● Work to complete
Every line of the data below should be printed exactly. Nothing may be dropped.

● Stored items

=-=-=-=-=

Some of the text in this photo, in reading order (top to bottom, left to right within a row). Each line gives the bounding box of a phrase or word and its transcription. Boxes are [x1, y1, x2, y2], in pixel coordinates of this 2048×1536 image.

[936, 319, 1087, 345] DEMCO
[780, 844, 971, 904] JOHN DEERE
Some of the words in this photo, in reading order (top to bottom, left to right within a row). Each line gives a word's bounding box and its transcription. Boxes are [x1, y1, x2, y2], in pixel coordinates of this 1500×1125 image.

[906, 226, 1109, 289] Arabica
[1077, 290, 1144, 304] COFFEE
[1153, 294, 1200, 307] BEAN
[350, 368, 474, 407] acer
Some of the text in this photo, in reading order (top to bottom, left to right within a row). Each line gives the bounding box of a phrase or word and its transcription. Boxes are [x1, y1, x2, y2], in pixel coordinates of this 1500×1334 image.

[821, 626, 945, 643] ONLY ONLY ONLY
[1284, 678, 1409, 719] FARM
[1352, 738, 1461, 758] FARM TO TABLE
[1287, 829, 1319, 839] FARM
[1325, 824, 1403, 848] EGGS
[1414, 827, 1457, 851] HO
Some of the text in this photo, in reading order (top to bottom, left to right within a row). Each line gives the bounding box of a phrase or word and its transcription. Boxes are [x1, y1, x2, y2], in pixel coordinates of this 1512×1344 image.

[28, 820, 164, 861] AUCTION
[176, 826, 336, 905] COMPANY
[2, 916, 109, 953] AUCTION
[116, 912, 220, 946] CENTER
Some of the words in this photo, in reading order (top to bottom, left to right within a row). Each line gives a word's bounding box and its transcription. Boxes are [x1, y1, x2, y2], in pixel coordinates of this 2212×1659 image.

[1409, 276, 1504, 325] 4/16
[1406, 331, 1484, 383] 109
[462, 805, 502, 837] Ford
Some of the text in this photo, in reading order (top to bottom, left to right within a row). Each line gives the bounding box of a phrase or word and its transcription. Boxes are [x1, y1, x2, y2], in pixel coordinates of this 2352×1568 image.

=-=-=-=-=

● Output of the task
Some of the text in this photo, in reading order (top to bottom, left to right within a row). Each line gives the bounding box of a phrase or word and its transcription. Boxes are [x1, y1, x2, y2], in pixel coordinates of this 2048×1536 image.

[936, 319, 1087, 345] DEMCO
[780, 844, 971, 904] JOHN DEERE
Some of the words in this photo, in reading order (top to bottom, left to right within a row). Each line gives a word's bounding box and its transcription. Boxes are [x1, y1, x2, y2], in pixel coordinates of this 1500×1125 image.

[906, 226, 1109, 289] Arabica
[1077, 290, 1144, 304] COFFEE
[1153, 294, 1200, 307] BEAN
[350, 368, 474, 407] acer
Some of the text in this photo, in reading order (top to bottom, left to right within a row). Each line gives the bounding box of a phrase or word and its transcription. Boxes are [x1, y1, x2, y2], in pixel coordinates of this 1500×1334 image.

[821, 626, 945, 643] ONLY ONLY ONLY
[1284, 678, 1409, 719] FARM
[1352, 738, 1461, 758] FARM TO TABLE
[1287, 829, 1319, 839] FARM
[1325, 824, 1403, 848] EGGS
[1414, 827, 1457, 851] HO
Some of the text in this photo, in reading order (top to bottom, left to right within a row). Each line gives the bounding box of a phrase or word and its transcription. Boxes are [x1, y1, x2, y2], in pixel coordinates of this 1512×1344 image.

[28, 820, 164, 861] AUCTION
[176, 826, 336, 905] COMPANY
[2, 916, 109, 953] AUCTION
[116, 912, 220, 946] CENTER
Some of the words in this photo, in reading order (top to bottom, left to right within a row). Each line gives a word's bounding box and its transcription. Boxes are [x1, y1, x2, y2], in pixel coordinates of this 2212×1659 image.

[1409, 276, 1504, 325] 4/16
[1406, 331, 1484, 383] 109
[462, 805, 502, 837] Ford
Some of the text in this photo, in reading order (top to bottom, left to right within a row). Each line gives the bounding box of a phrase or word and its transcription. Boxes are [x1, y1, x2, y2], in pixel coordinates of this 2352×1568 image.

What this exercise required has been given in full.